Plus tard, lorsque les ombres s’allongent, d’abord doucement, puis s’étirent jusqu’à disparaitre dans le soir qui tombe, Leo a faim. Mais ici, pas de laquais, nul serviteur ne s’empresse de devancer ses désirs avec un civet de biche fumant et parfumé ou les croquettes de lapin qu’il goute tant. Leo est seul. Si seul.

 Mais un bruit, léger et incertain, lui parvient. Il s’arrête, tourne sa crinière et son attention vers la source qu’il devine sans la distinguer encore.
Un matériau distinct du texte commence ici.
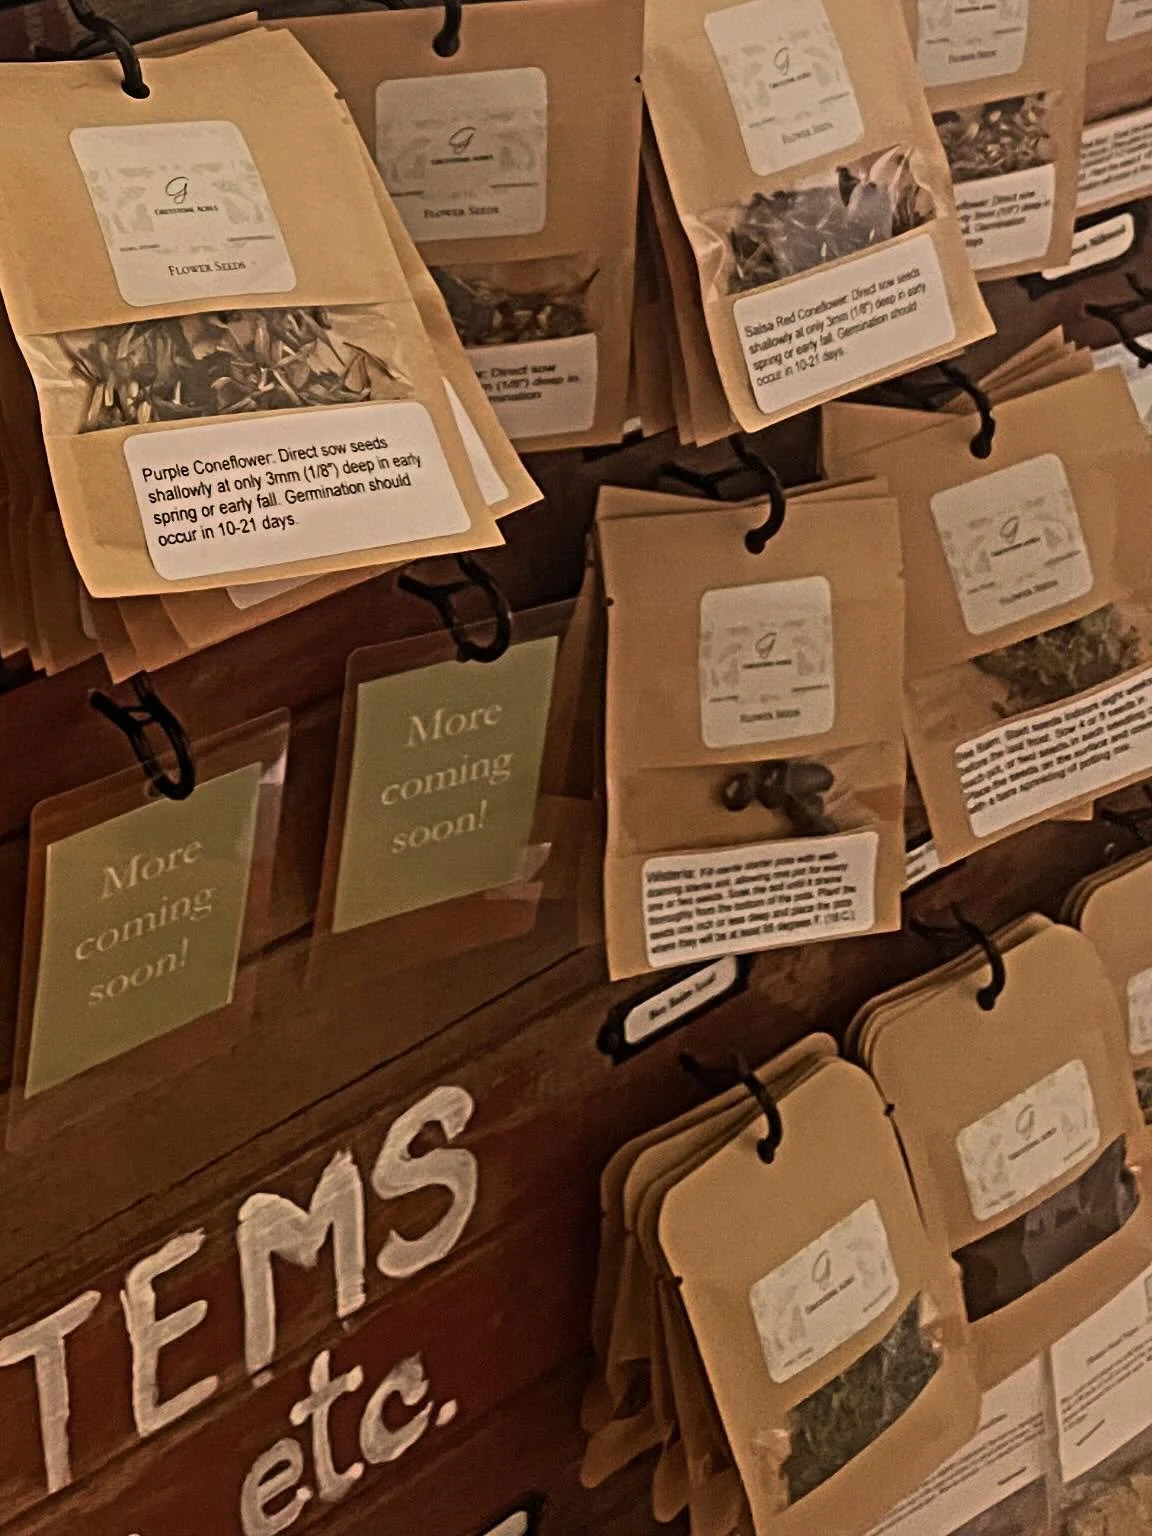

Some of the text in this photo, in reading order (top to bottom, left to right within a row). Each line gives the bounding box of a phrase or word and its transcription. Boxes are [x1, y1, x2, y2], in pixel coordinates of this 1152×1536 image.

[141, 463, 189, 482] Purple
[276, 445, 319, 462] Direct
[319, 443, 346, 457] sow
[349, 436, 388, 453] seeds
[404, 700, 503, 750] More
[379, 752, 513, 806] coming
[391, 800, 489, 855] soon!
[100, 838, 204, 900] More
[74, 887, 217, 961] coming
[87, 938, 190, 1006] soon!
[240, 1348, 458, 1536] etc.
Un drôle de bruit, multiple et surprenant ! Ne dirait-on pas une forme de musique ? Automatiquement, il corrige sa route, avance de plus en plus doucement, temporise pour vérifier la source et ne pas se faire entendre.

Le son se fait plus fort, ses oreilles lui disent qu’il s’approche, que derrière cette haie il va découvrir son repas, sans en imaginer encore le goût. Encore deux pas, et le voilà face à deux gerbilles, l’une en train de jouer avec deux noix, ne dirait-on pas une forme de guitare ? Elle chante, tape de la patte, gratte son instrument avec un cafard. L’autre, silencieuse semble concentrée sur un calcul bien prenant.
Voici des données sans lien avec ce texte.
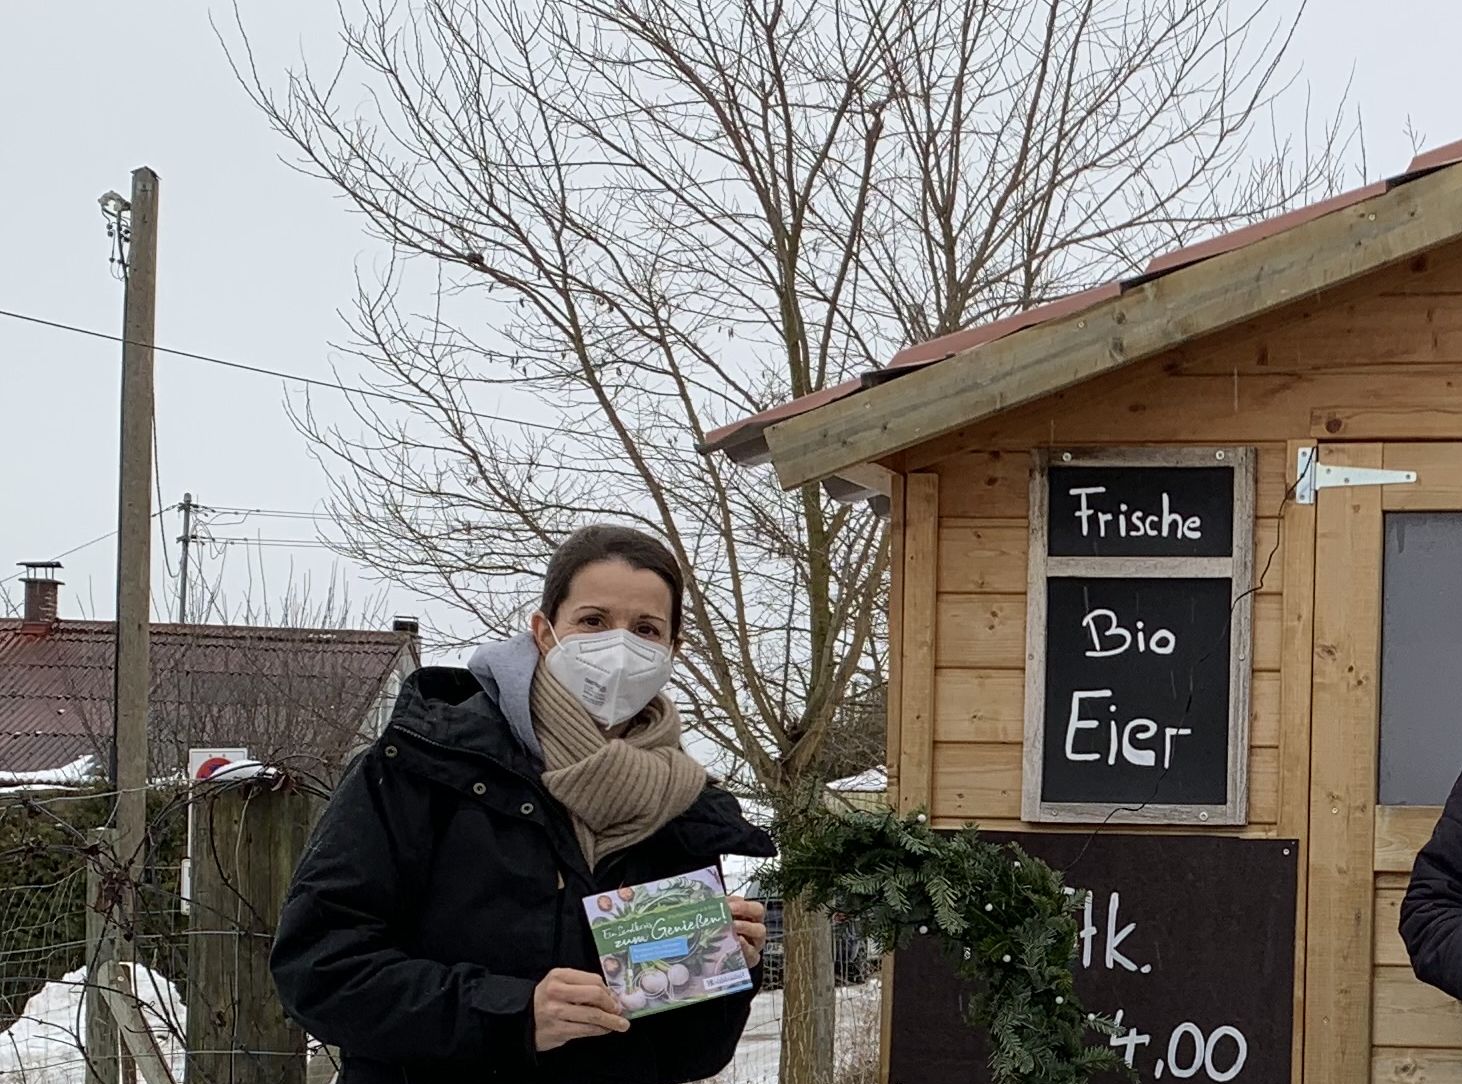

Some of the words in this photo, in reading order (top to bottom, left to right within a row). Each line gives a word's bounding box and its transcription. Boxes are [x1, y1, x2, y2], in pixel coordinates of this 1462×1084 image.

[1069, 486, 1202, 540] Frische
[1082, 608, 1175, 659] Bio
[1064, 689, 1192, 769] Eier
[651, 902, 728, 941] Genießen!
[1064, 885, 1152, 975] tk.
La première s’adresse au lion « Bonjour mon prince, tu es venu écouter les trotte-menus ? »

Leo fronce les yeux « Non, minus, tu n’y es pas. Je suis là car j’ai faim, très faim, et je vais te caser dans ma dent creuse. »

La gerbille éclate de rire «Bah ! Bah ! Bah ! Et tu ferais là une bien grosse bêtise ! »

Leo « Et pourquoi cela ? »

Gerbille « Je connais plein d’histoires amusantes qui te feront sourire et te permettront d’attendre un repas plus digne de ton rang. »

Leo « Comme quoi, petit flatteur ? »

Gerbille « Tu sais comment on apprend à compter dans les poulaillers ?

Leo « Euh ! non. »

Gerbille « Un poussin égale deux »

Leo « Pas mal ! »

Gerbille «  et les histoires de grenouilles à grande bouche, tu connais ? »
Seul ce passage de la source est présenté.